Integrating Immigration Controls into Daily Life

By Dan Cadman on September 28, 2015

My wife and I are frequent watchers of the television show "House Hunters International". Having lived and traveled abroad, we are always fascinated by what we see of various countries and cultures, collapsed into a half-hour's viewing.

We recognize that parts of the show appear to be tailored or scripted, but even so you get at least a flavor of many other parts of the world through the microcosm of foreigners' searches for just the right home in which to start their new lives abroad.

One of the things that is almost inevitably left fuzzy is just exactly what kind of visas or other immigration permits the house hunters have obtained in order to be in the new country where, as often as not, they are also seeking jobs. That's why we were both surprised at the level of specificity in a recent episode. A young South African couple was relocating to the country right next door, Namibia, where the husband would be working for the same employer, only in its Namibian subsidiary. To do so, a work visa was required — even for South Africans, despite the fact that German colonial Namibia was conquered by South Africa during World War I and its government functioned under a South African mandate from then until independence in 1990.

Contrary to the usual obliqueness toward visas and permits exhibited by the show, the work visa was mentioned repeatedly during this episode, and for an interesting reason: In Namibia foreigners need to attach physical evidence of their legal status with their sale or rental documents to purchase or rent a home. In fact, you can't apply for a job, open a bank account, or obtain a mobile phone without providing proof of your legal status.

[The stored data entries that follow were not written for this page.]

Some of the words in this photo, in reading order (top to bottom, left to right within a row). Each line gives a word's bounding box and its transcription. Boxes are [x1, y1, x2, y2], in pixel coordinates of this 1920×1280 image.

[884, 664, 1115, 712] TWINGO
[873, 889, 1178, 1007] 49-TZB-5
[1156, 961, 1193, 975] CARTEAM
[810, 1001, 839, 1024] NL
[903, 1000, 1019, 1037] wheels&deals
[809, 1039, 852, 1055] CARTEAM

Banish the thought that Namibia may be one of those despotic little places that populate much of the third world, including Africa, where every facet of life is controlled not only for foreigners but its citizenry. Not so. It is a left-leaning democratic republic with vast mineral deposits ranging from diamonds to uranium and, although there are wealth disparities in the population, the CIA World Factbook describes Namibia as "an upper middle income country".

Can you imagine? A nation that takes its immigration laws seriously enough that it integrates enforcement into daily living, making it extremely difficult, if not impossible, for aliens to reside and work illegally.

Here in the United States we can't even get our act together enough to require E-Verify as a means to impede aliens from working unlawfully. And we wonder why we have a population of 11-12 million aliens living illegally in the country. Perhaps we could learn a thing or two from other nations, including those in the developing world, where they obviously care enough for the native workforce to want to protect their ability and right to live decently and raise their families without competing against individuals with no right to be in the country.